Copy the data that follows, exactly and completely.

Records from a collection
= Beginning of Section =

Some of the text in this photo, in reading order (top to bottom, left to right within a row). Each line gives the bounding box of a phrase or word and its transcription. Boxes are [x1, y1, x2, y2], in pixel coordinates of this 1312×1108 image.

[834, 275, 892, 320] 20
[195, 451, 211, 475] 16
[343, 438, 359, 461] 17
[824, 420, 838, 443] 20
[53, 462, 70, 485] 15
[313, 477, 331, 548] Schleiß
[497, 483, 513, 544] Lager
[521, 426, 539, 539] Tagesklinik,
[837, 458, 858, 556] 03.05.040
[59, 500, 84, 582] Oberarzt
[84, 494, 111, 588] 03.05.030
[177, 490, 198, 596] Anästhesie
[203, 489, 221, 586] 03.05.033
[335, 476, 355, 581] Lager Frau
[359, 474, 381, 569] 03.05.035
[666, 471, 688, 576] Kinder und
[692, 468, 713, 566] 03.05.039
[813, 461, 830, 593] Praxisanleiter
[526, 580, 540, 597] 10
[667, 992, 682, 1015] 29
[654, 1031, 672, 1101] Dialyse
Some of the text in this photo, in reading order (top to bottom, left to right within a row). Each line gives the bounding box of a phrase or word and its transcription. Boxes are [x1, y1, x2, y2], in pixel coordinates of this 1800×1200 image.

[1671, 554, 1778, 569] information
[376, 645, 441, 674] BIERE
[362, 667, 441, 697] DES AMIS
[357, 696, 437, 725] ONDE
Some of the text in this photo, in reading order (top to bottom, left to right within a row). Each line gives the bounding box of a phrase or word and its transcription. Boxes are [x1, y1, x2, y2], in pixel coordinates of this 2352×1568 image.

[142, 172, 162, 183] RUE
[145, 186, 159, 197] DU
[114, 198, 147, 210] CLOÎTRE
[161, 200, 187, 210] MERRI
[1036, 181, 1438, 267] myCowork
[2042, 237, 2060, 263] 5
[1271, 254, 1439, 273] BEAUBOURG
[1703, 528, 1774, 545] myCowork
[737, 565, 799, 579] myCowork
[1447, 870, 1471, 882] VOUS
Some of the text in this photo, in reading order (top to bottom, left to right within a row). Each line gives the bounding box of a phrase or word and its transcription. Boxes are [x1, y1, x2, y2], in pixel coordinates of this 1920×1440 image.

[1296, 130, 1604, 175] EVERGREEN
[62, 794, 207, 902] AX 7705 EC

= End of Section =

RESULT OF THE TASK:
Some of the text in this photo, in reading order (top to bottom, left to right within a row). Each line gives the bounding box of a phrase or word and its transcription. Boxes are [x1, y1, x2, y2], in pixel coordinates of this 1312×1108 image.

[834, 275, 892, 320] 20
[195, 451, 211, 475] 16
[343, 438, 359, 461] 17
[824, 420, 838, 443] 20
[53, 462, 70, 485] 15
[313, 477, 331, 548] Schleiß
[497, 483, 513, 544] Lager
[521, 426, 539, 539] Tagesklinik,
[837, 458, 858, 556] 03.05.040
[59, 500, 84, 582] Oberarzt
[84, 494, 111, 588] 03.05.030
[177, 490, 198, 596] Anästhesie
[203, 489, 221, 586] 03.05.033
[335, 476, 355, 581] Lager Frau
[359, 474, 381, 569] 03.05.035
[666, 471, 688, 576] Kinder und
[692, 468, 713, 566] 03.05.039
[813, 461, 830, 593] Praxisanleiter
[526, 580, 540, 597] 10
[667, 992, 682, 1015] 29
[654, 1031, 672, 1101] Dialyse
Some of the text in this photo, in reading order (top to bottom, left to right within a row). Each line gives the bounding box of a phrase or word and its transcription. Boxes are [x1, y1, x2, y2], in pixel coordinates of this 1800×1200 image.

[1671, 554, 1778, 569] information
[376, 645, 441, 674] BIERE
[362, 667, 441, 697] DES AMIS
[357, 696, 437, 725] ONDE
Some of the text in this photo, in reading order (top to bottom, left to right within a row). Each line gives the bounding box of a phrase or word and its transcription. Boxes are [x1, y1, x2, y2], in pixel coordinates of this 2352×1568 image.

[142, 172, 162, 183] RUE
[145, 186, 159, 197] DU
[114, 198, 147, 210] CLOÎTRE
[161, 200, 187, 210] MERRI
[1036, 181, 1438, 267] myCowork
[2042, 237, 2060, 263] 5
[1271, 254, 1439, 273] BEAUBOURG
[1703, 528, 1774, 545] myCowork
[737, 565, 799, 579] myCowork
[1447, 870, 1471, 882] VOUS
Some of the text in this photo, in reading order (top to bottom, left to right within a row). Each line gives the bounding box of a phrase or word and its transcription. Boxes are [x1, y1, x2, y2], in pixel coordinates of this 1920×1440 image.

[1296, 130, 1604, 175] EVERGREEN
[62, 794, 207, 902] AX 7705 EC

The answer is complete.